India however, chooses to do public diplomacy at home. For the second time in less than four months, the external affairs minister, Pranab Mukherjee, visited the Northeast to explain the Look East policy. Both events were sponsored by the public diplomacy division of the ministry of external affairs. One can only welcome the belated discovery by the South Block of the value of the public discussions of foreign policy. But one wishes that these exercises were more about taking input from the ground, rather than about explaining policy from the top. From the perspective of India’s multiple global audiences, there may be some risks in calling these exercises public diplomacy. Does our external affairs ministry treat the Northeast as India’s ‘near abroad’ or the ‘far-east’ within?
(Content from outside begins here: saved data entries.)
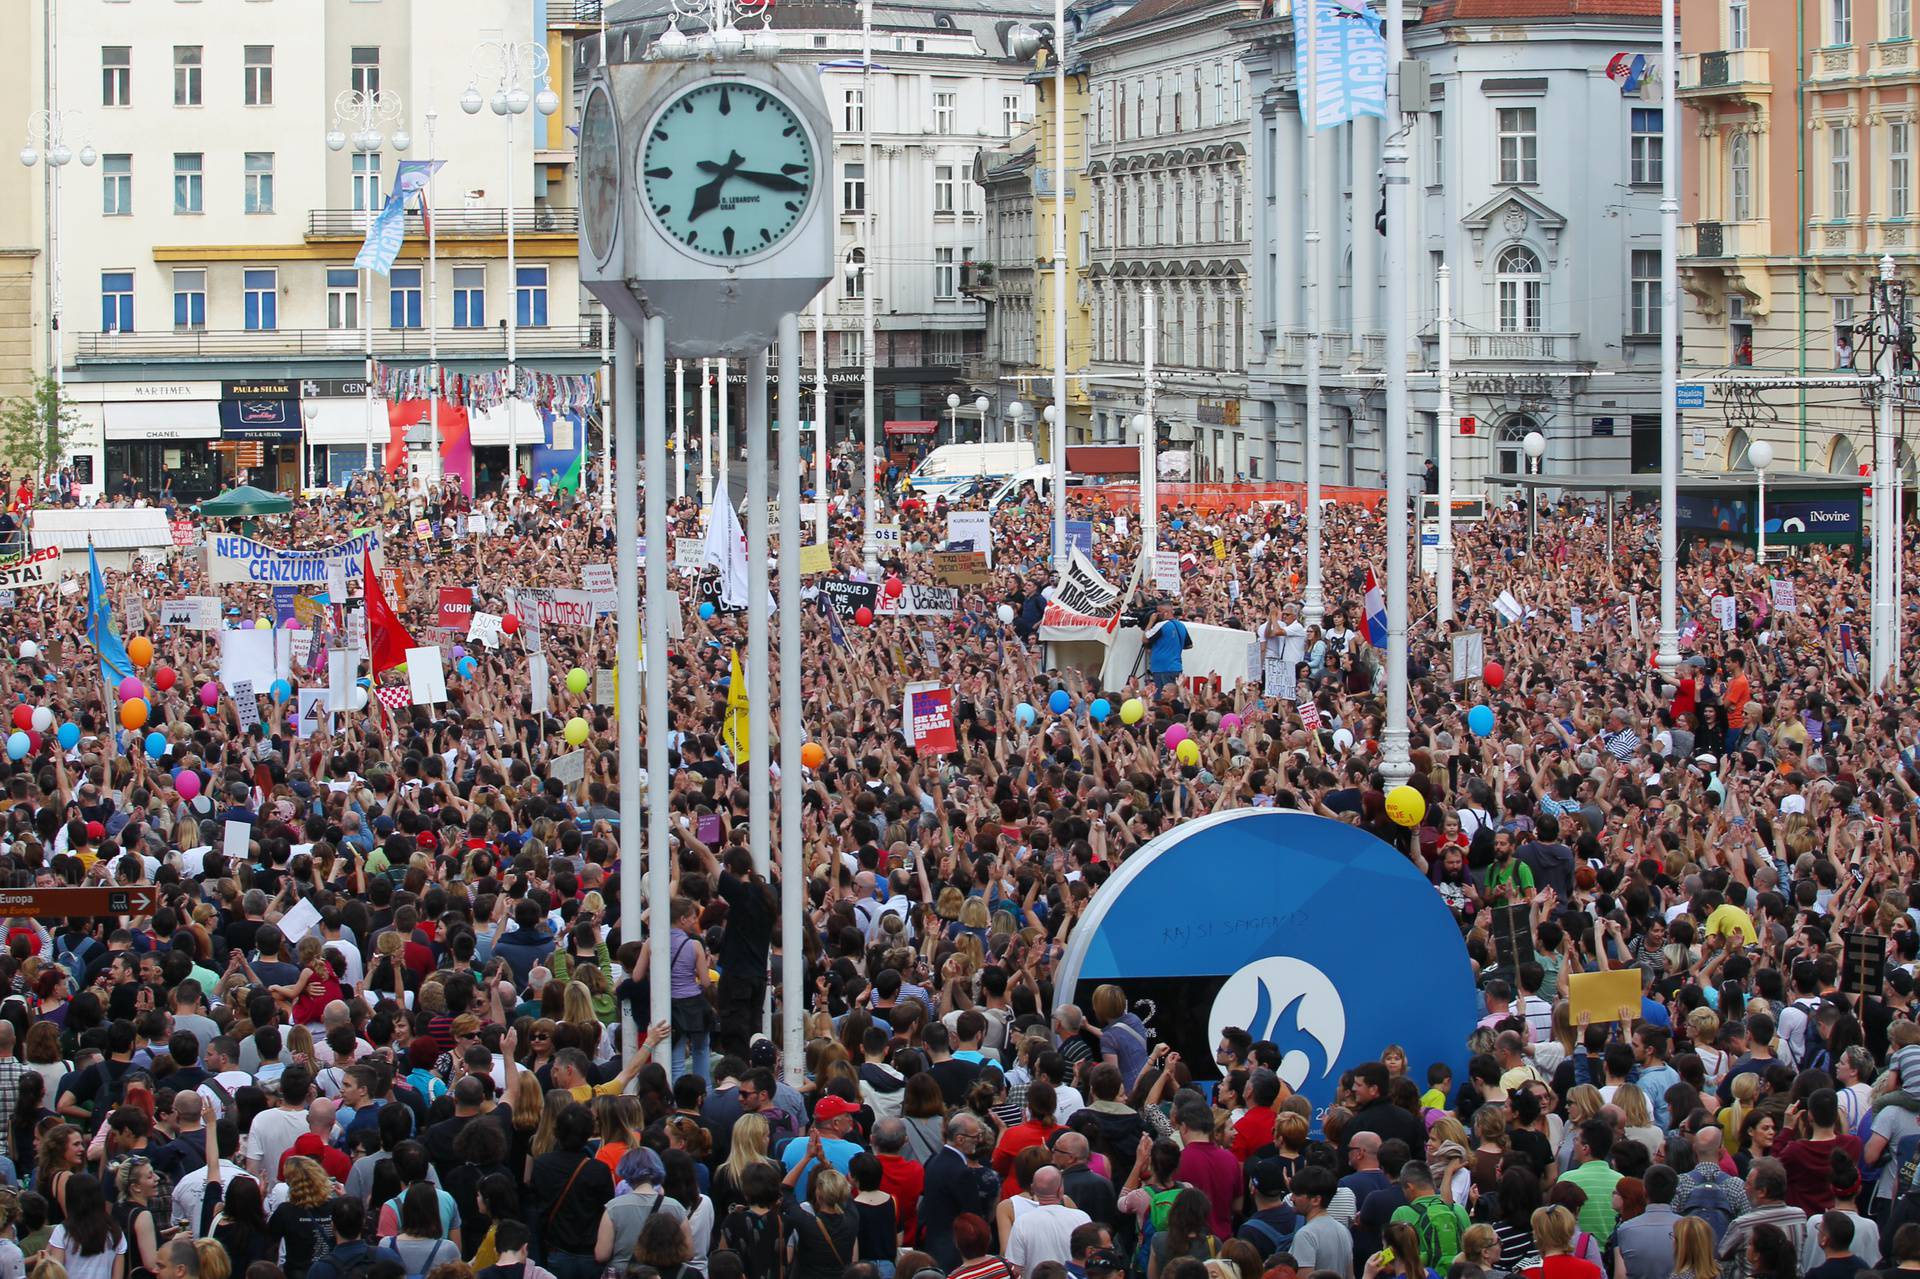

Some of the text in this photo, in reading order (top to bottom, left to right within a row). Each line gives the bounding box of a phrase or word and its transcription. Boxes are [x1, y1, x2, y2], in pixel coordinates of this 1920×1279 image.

[832, 374, 865, 382] BANKA
[135, 386, 192, 395] MARTIMEX
[342, 383, 367, 394] CEN
[1465, 378, 1553, 394] MARQUISE
[1810, 510, 1850, 523] iNovine
[824, 581, 869, 596] PROSVJED
[835, 594, 849, 603] NE
[0, 893, 33, 905] Europa
Mukherjee explained the promises that the Look East policy holds for northeastern India and how the priority given to its economic development fits into our foreign policy goals. The Planning Commission deputy chairman, Montek Singh Ahluwalia, was around as well. He said that the Northeast would see a massive upsurge in economic development over the next five years. Audiences in the Northeast, however, have grown a bit tired of the repetitious nature of what they have been hearing about the Look East policy. The reporter for The Telegraph pointed out that Mukherjee’s speech in Guwahati was almost an exact reproduction of the speech he gave in Shillong four months earlier.

But the missing 800-pound gorilla from the Guwahati deliberations was the situation in neighbouring Myanmar. What are its implications for the future of the Look East policy? As fear grips Myanmar following the crackdown by the military junta, questions are being asked everywhere about the implications of the recent developments. What, for instance, does the crackdown on the Buddhist monasteries mean with reference to whatever residual legitimacy the military regime still has?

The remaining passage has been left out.